Meine gesamte Gesichtsmuskulatur scheint sich über diese ungewohnte, ausnahmsweise nicht durch auf Hochtouren laufenden Heizungen und sperrangelweit offen stehenden Backofentüren produzierte Wärme zu freuen, denn sobald die Helligkeit ansteigt beginnen meine Augen zu blinzeln und die Mundwinkel zucken in die Höhe. Es erheitert mich zu beobachten wie die Sonne ihr Spiel mit mir treibt:
Sonne da, Mundwinkel oben, Lächeln. Sonne weg, Mundwinkel unten, Lächeln weg.

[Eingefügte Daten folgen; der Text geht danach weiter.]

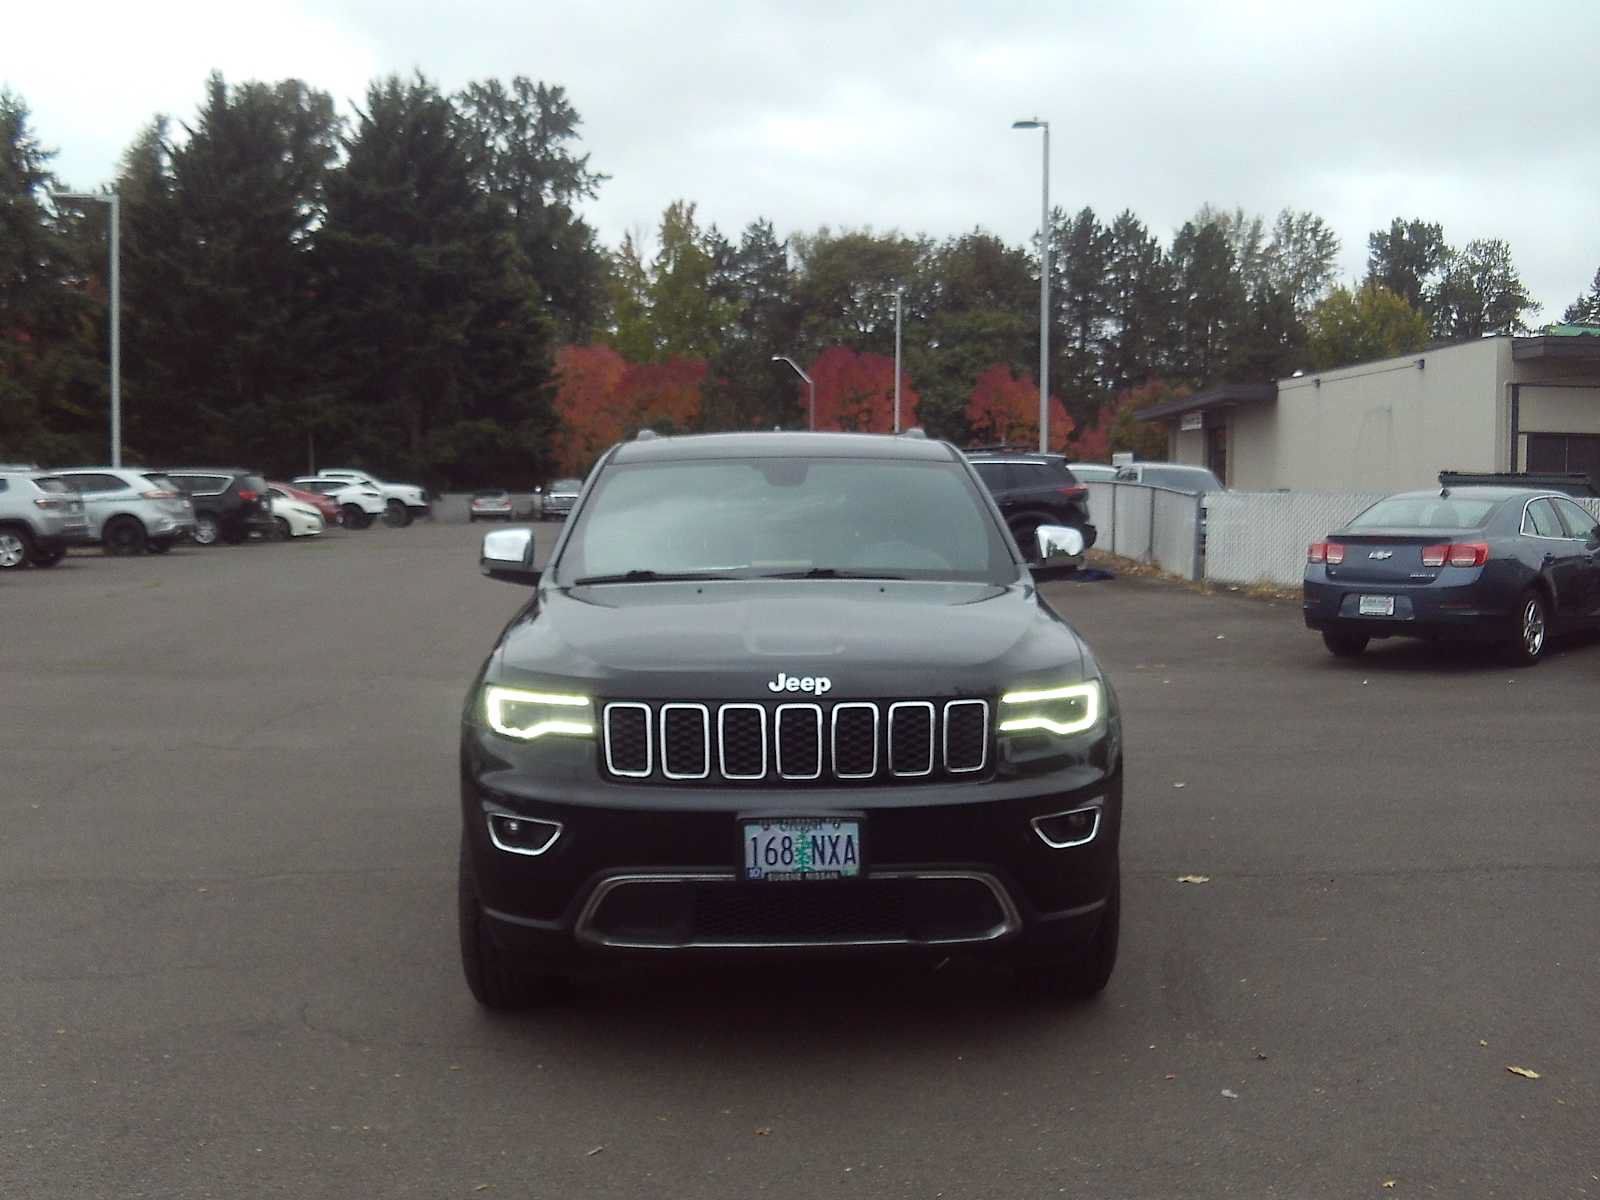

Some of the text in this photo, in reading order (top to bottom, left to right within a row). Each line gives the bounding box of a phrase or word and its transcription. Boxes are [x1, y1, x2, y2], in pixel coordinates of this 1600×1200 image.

[768, 672, 832, 695] Jeep
[751, 835, 857, 866] 168 NXA
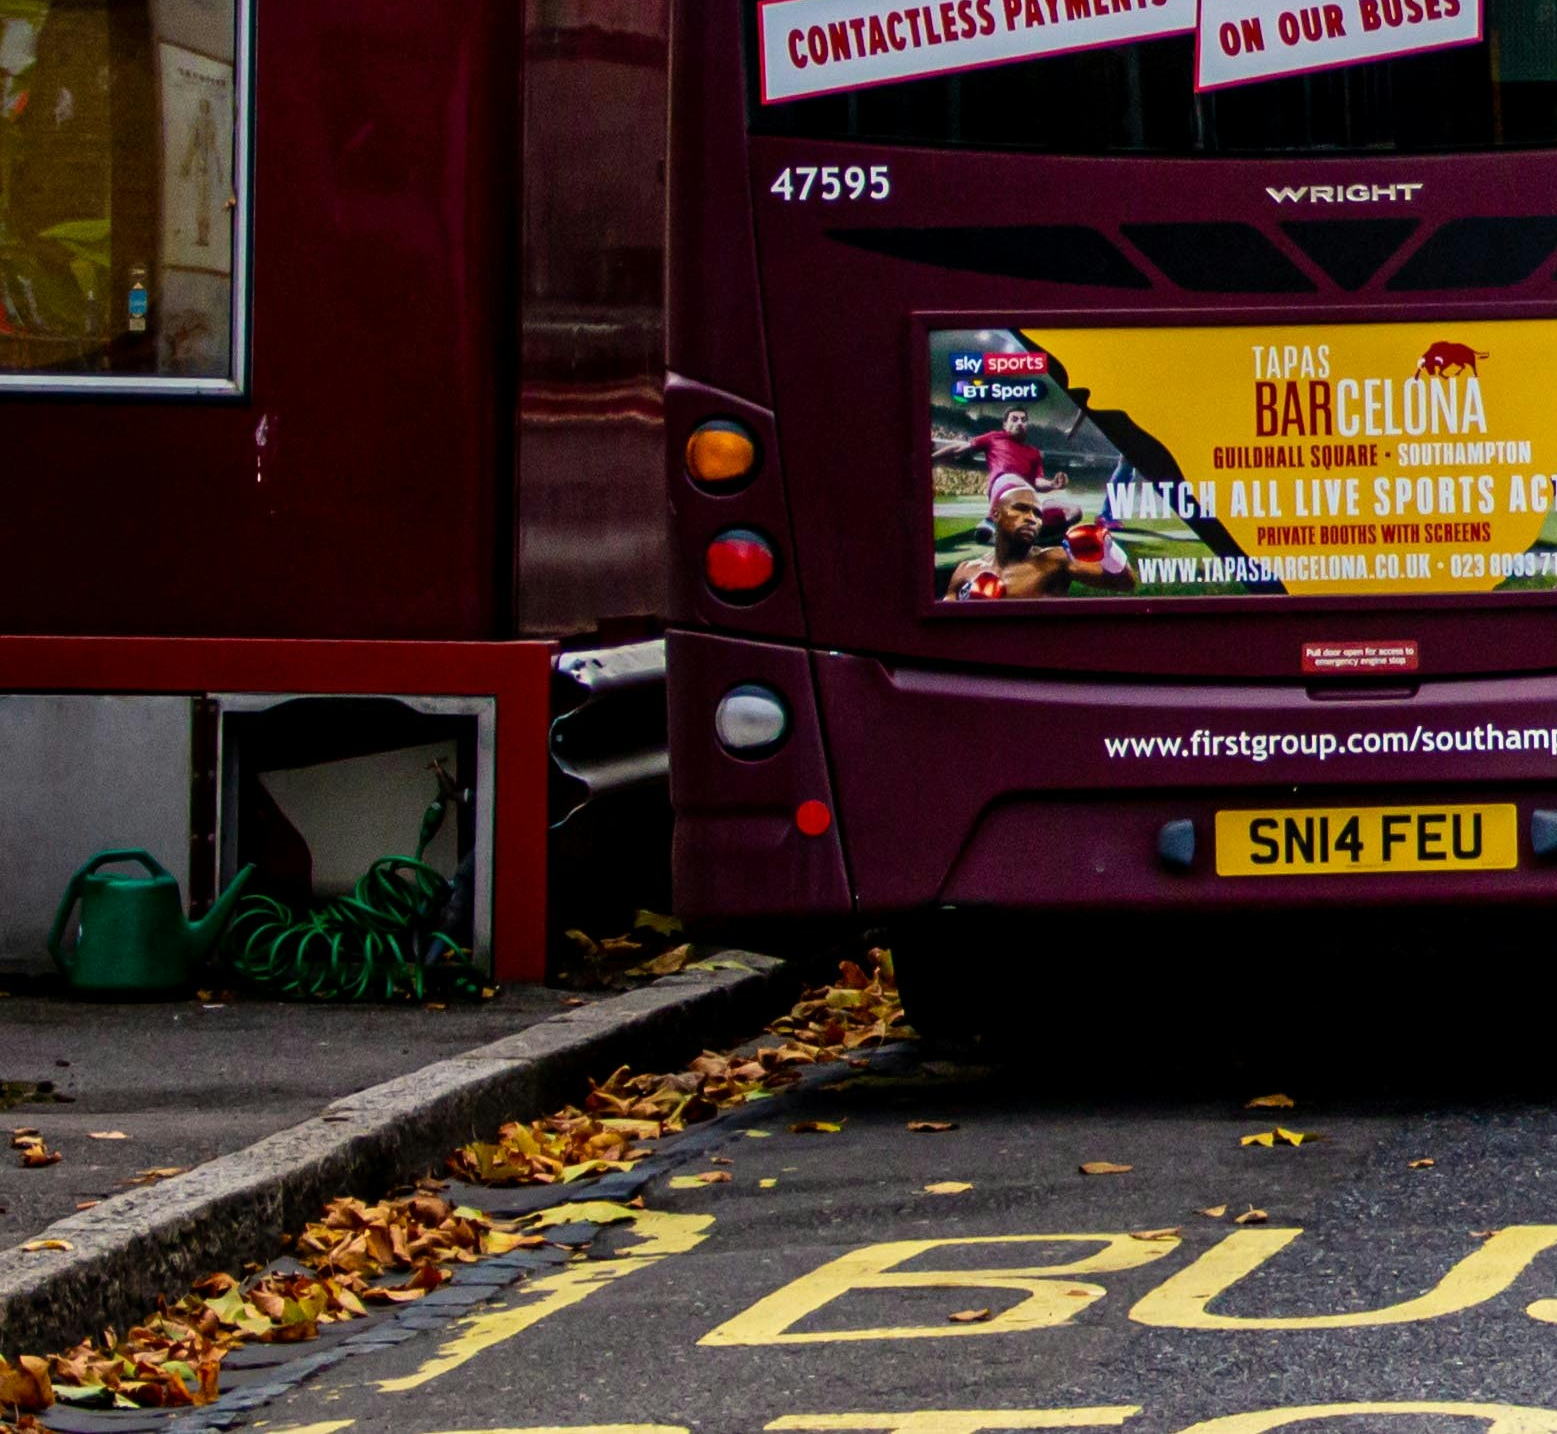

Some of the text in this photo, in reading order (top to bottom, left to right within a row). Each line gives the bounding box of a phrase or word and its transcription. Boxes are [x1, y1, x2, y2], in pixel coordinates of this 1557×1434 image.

[1219, 16, 1266, 58] ON
[1278, 2, 1347, 48] OUR
[770, 166, 892, 202] 47595
[1264, 182, 1423, 205] WRIGHT
[954, 353, 1046, 375] sky sports
[1251, 344, 1331, 380] TAPAS
[962, 381, 1039, 402] BT Sport
[1255, 377, 1489, 439] BARCELONA
[1213, 440, 1532, 471] GUILDHALL SQUARE SOUTHAMPTON
[1106, 479, 1218, 521] WATCH
[1230, 478, 1283, 519] ALL
[1294, 477, 1361, 518] LIVE
[1373, 474, 1496, 516] SPORTS
[1256, 522, 1491, 547] PRIVATE BOOTHS WITH SCREENS
[1137, 552, 1432, 584] WWW.TAPASBARCELONA.CO.UK
[1450, 554, 1485, 579] 023
[1489, 553, 1537, 578] 8033
[1248, 812, 1483, 865] SN14 FEU
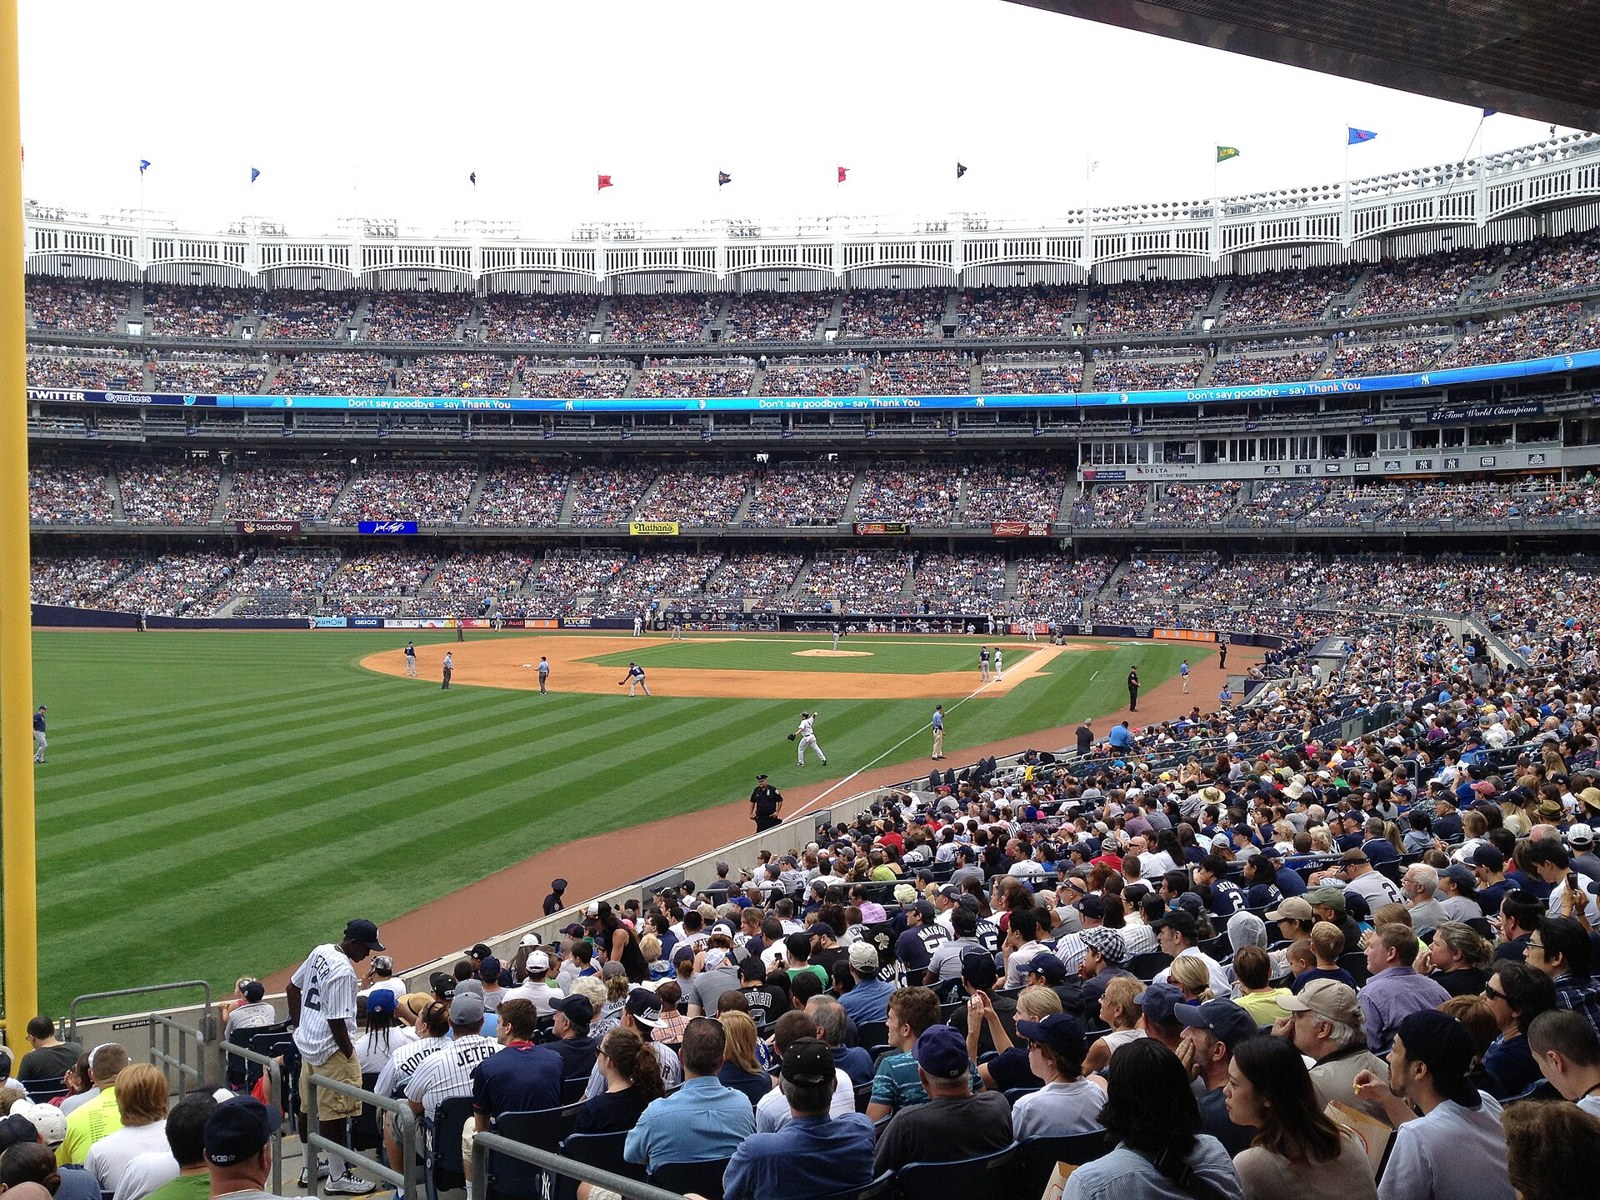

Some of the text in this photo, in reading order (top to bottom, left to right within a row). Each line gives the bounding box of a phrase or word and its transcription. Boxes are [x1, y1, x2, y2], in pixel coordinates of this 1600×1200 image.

[28, 390, 85, 401] TWITTER
[1187, 392, 1214, 400] Don't
[1216, 391, 1232, 400] say
[1234, 387, 1278, 400] goodbye
[1288, 386, 1306, 396] say
[1308, 383, 1340, 394] Thank
[1342, 382, 1361, 391] You
[348, 398, 374, 408] Don't
[376, 401, 392, 409] say
[394, 399, 434, 408] goodbye
[444, 401, 460, 409] say
[461, 400, 490, 408] Thank
[492, 400, 511, 409] You
[759, 400, 784, 408] Don't
[786, 402, 801, 410] say
[803, 400, 844, 410] goodbye
[870, 399, 900, 407] Thank
[1466, 407, 1492, 418] World
[1494, 406, 1538, 417] Champions
[256, 523, 292, 532] Stop&Shop
[634, 522, 674, 533] Nathan's
[1382, 882, 1402, 904] 2
[1228, 891, 1246, 910] 2
[985, 936, 998, 951] 5
[304, 975, 321, 1012] 2
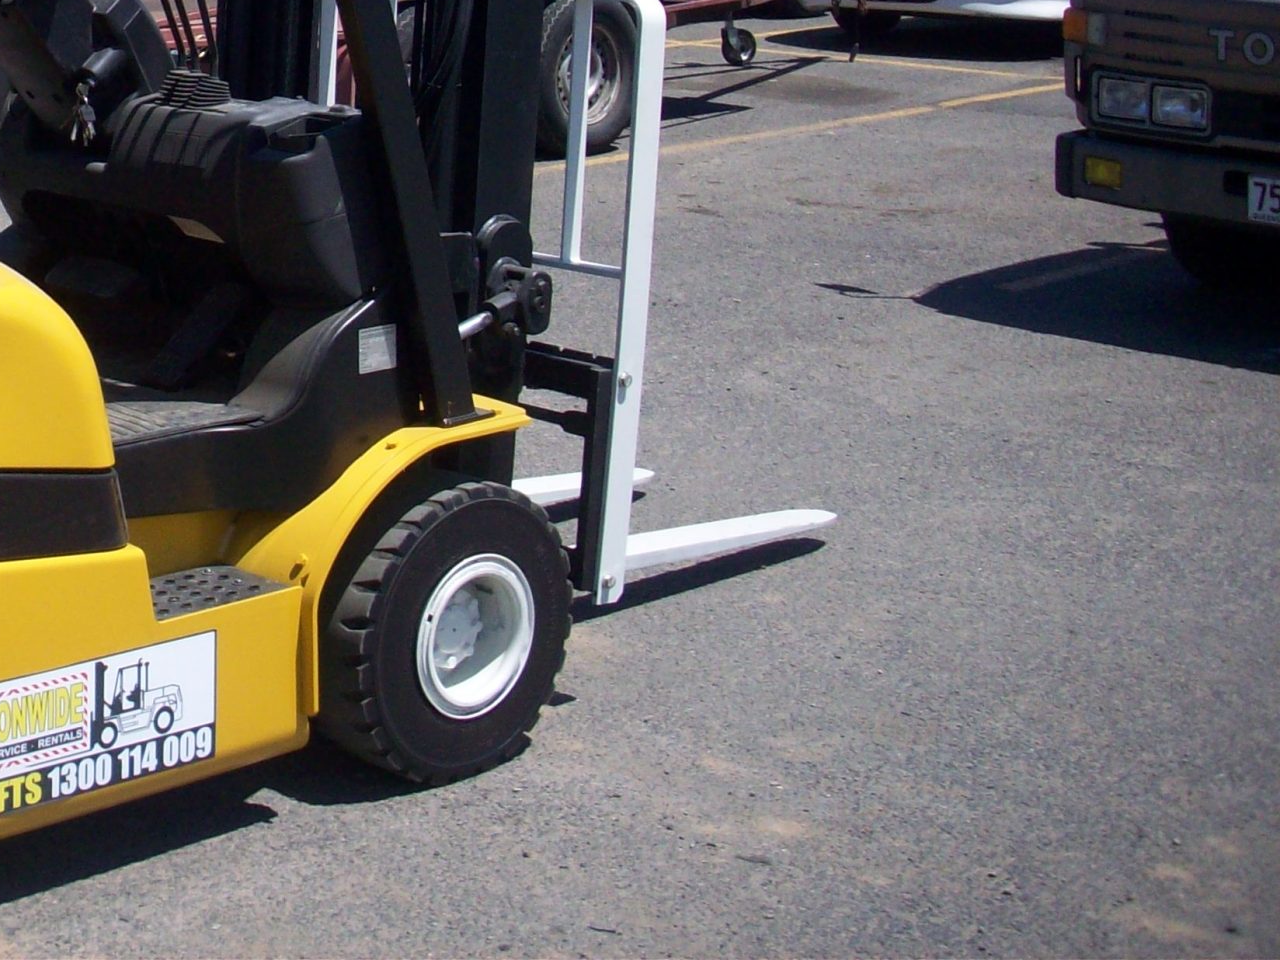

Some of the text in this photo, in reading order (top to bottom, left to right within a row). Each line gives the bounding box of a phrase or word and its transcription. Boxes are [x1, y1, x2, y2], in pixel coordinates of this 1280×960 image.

Resümee: Es besteht wohl doch noch die Chance auf einen diesjährigen Frühling.
Wird schon noch.
..und übrigens:
 Diogenes von Sinope lebte laut Überlieferungen in einer Tonne und war streng gegen "unnatürliche Begierden" die einem von der Gesellschaft auferlegt wurden. So antwortete er Alexander dem Großen als dieser ihm einen Wunsch gewährte schlicht: "Geh mir ein wenig aus der Sonne".